WHAT NEEDS TO BE DONE: Return the records as they stand. No picture is to be included.

EXTRACTED RECORDS:
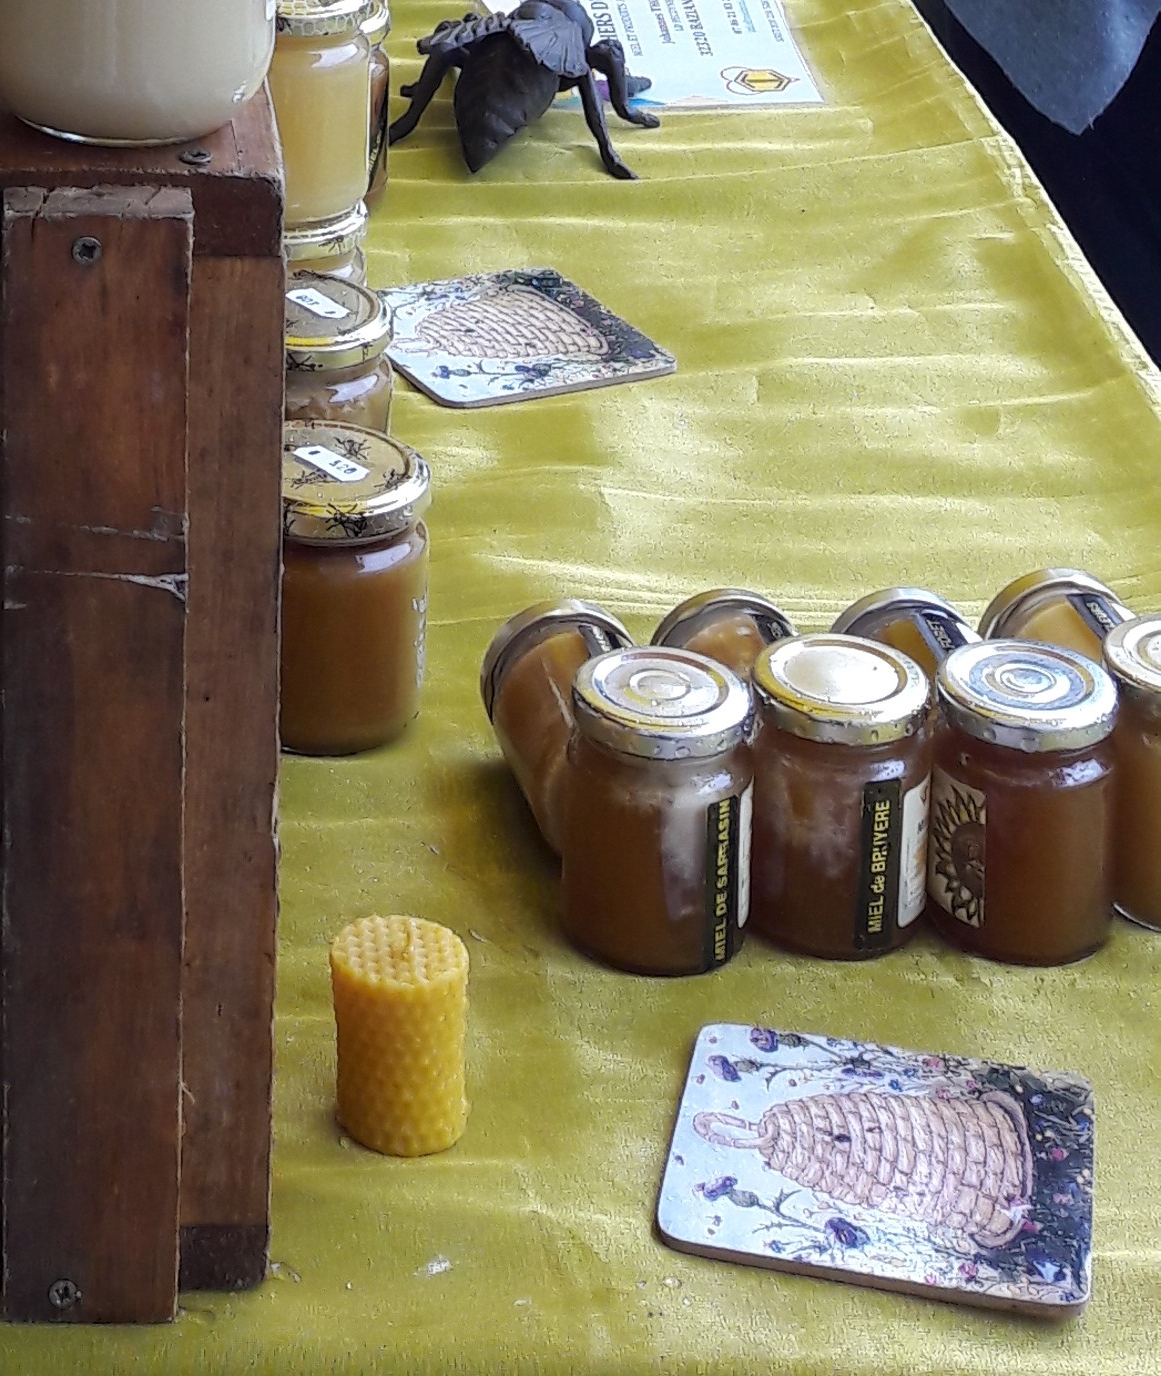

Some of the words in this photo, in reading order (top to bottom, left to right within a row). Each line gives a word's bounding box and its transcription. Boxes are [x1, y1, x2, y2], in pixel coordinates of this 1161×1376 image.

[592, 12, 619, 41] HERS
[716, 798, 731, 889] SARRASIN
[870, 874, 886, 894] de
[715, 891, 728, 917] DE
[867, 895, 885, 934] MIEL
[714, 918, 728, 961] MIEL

OUTPUT:
Some of the words in this photo, in reading order (top to bottom, left to right within a row). Each line gives a word's bounding box and its transcription. Boxes are [x1, y1, x2, y2], in pixel coordinates of this 1161×1376 image.

[592, 12, 619, 41] HERS
[716, 798, 731, 889] SARRASIN
[870, 874, 886, 894] de
[715, 891, 728, 917] DE
[867, 895, 885, 934] MIEL
[714, 918, 728, 961] MIEL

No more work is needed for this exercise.